The alarm calls out again, pleading with you, begging you to get out of bed; a stubborn siren barely audible over the brewing storm in your head. Why did you even bother setting an alarm; it's not like anyone wants to spend time with you. Nobody wants to listen to the insecure whining of a hopeless loser. The vicious record repeats new versions of the same song. Idiot. You can’t even remember why you set an alarm.

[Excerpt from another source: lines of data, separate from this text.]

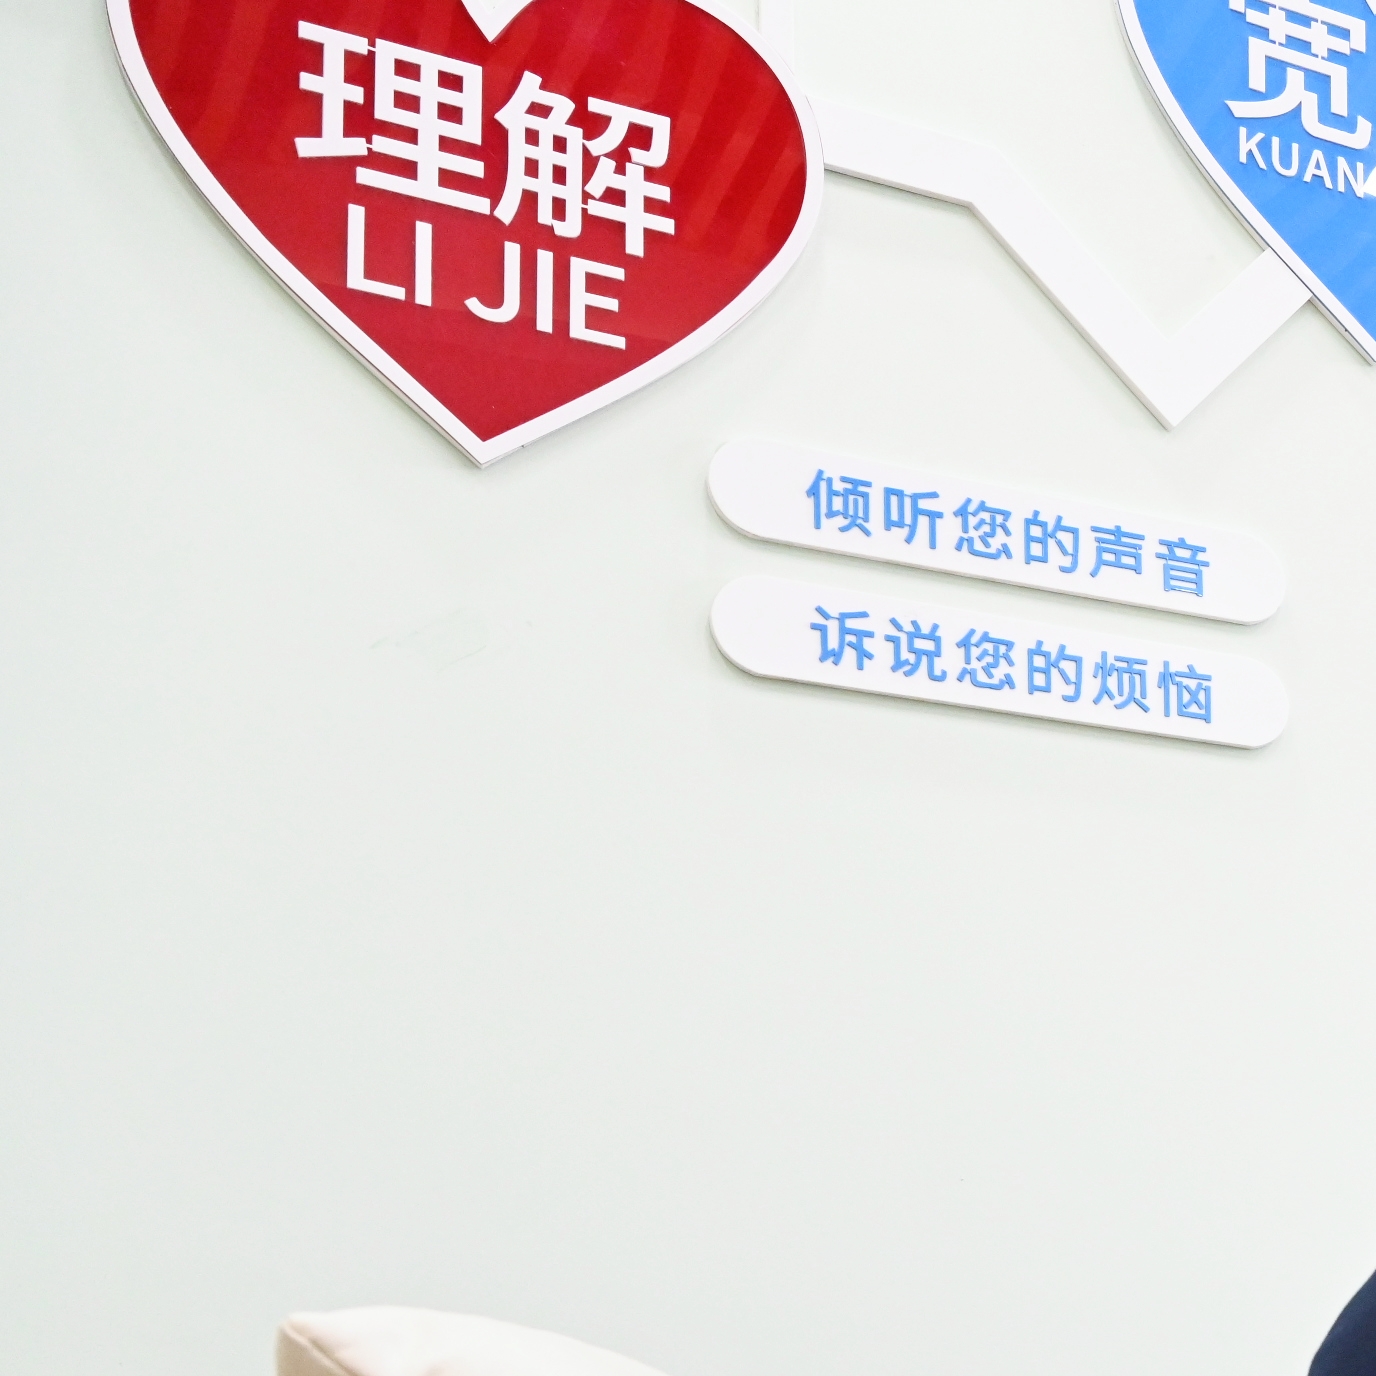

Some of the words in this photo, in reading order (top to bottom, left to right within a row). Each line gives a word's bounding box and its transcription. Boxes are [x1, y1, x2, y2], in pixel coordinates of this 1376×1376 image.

[296, 20, 675, 258] 理解
[1239, 126, 1365, 198] KUAN
[346, 203, 432, 306] LI
[465, 241, 627, 350] JIE
[805, 468, 1210, 598] 倾听您的声音
[809, 605, 1214, 725] 诉说您的烦恼
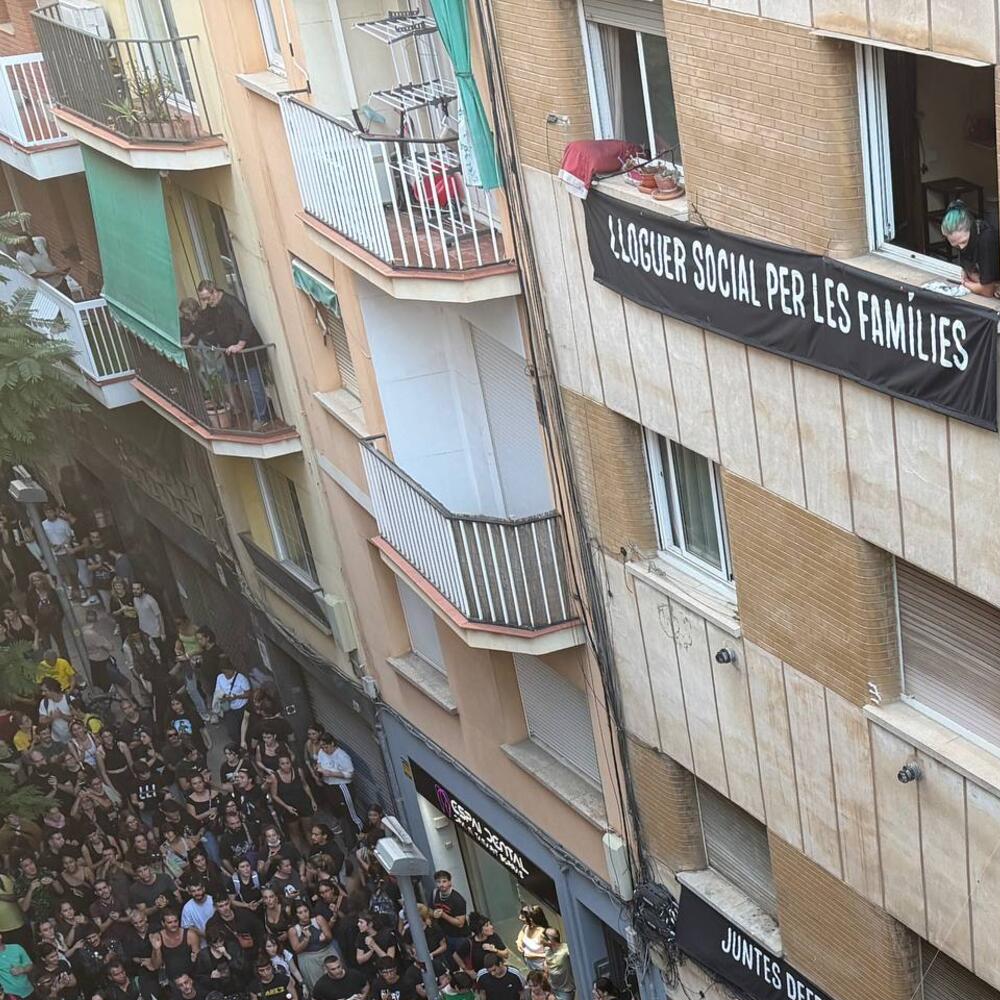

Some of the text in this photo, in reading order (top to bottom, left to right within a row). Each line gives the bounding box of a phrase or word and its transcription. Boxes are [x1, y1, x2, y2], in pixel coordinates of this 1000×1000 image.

[608, 214, 969, 372] LLOGUER SOCIAL PER LES FAMÍLIES
[721, 926, 783, 990] JUNTES

You try to focus. Frustration gets comfortable, and you pull the sheets over your head letting tears leave tracks down your cheeks. The trails left behind are just another reason to stay in bed. People already think you’re fucked up enough; do you really need to give them another reason to stay away from you. Such a schemer, the recording, it encourages your self-image. Repeating its message over and over, letting you know it’s normal to think like this. Assuring you that you do know something by providing you with the insurmountable proof that smothers any hope the light of day may try to impart. Not that it really matters now. You haven’t seen the light for months.
Dishes full of food clutter the surrounding space. Evidence of the wasted attempts to feed yourself, now symbols of another failure. Their putrid smell contributes to the musty odor coating the apartment, while the fruit flies keep the peace hovering only where food languishes. You don’t bother cooking anymore. Except for the rare occasion when someone comes to visit, bringing a meal and the expectation that you’ll eat it with them, you don’t really bother with food at all. Sometimes you’ll unwrap a found candy, popping it into your mouth with the hope of tasting a memory from when people could safely enter your private world. But now the sugary sweetness tastes rancid, and you’re left feeling swindled out of your saccharine memory. Everything else lost its flavor long ago. Just dry and flavorless bits of nourishment that only help you endure this hell longer.
You withdraw into the world under your covers for over an hour before the knocking starts. At first, you think it is the landlord demanding the overdue rent, which causes your chest to contract as your body shrivels like the withered wrinkles on the fading fruit littering your floor. The right side of your body aches and your swollen joints pulse with the anxious tension crashing through you each time a fist hits the door.
It wasn’t that you didn’t have the money. It’s been in the apartment for weeks, but come rent day, the task of getting dressed felt like too much of a burden and you worried about the dizziness that came over you so quickly now. Not to mention how the mirror had recently turned against you and was now quick to prove the truth behind its harsh opinions. With so much working against you to complete a simple chore, you were skeptical about your ability to deal with life outside the doorway. Instead, the safety of your scratchy blanket and old record, as reassuring now as they were then, let you linger until it was too late to knock on the landlord’s door. Afterwards, shame escalated until it had captured self-doubt; keeping it nearby to remind you of how pathetic and incapable you are.
The sweet caress of your record keeps you from walking the ten steps to the door even after you hear the shouting start to come through. Getting louder, the record drowns out the sound of the door being forced open and clutches you close as your eyes close and you let the melancholic storm clouds from your head spin around on the black scene that plays whenever your eyelids are closed. You feel like sleeping again, despite barely being up long enough to hear two episodes of Wheel of Fortune escape from the television speakers. Vanna White kept her smile after spending years proving people right. Everyone else manages to keep going, but not you. Something is wrong with you.
As the police invade your room, Vanna smiles and turns her back on you to show the brilliant contestants their letter choices are correct. As the last letter lights up, your light goes out for good.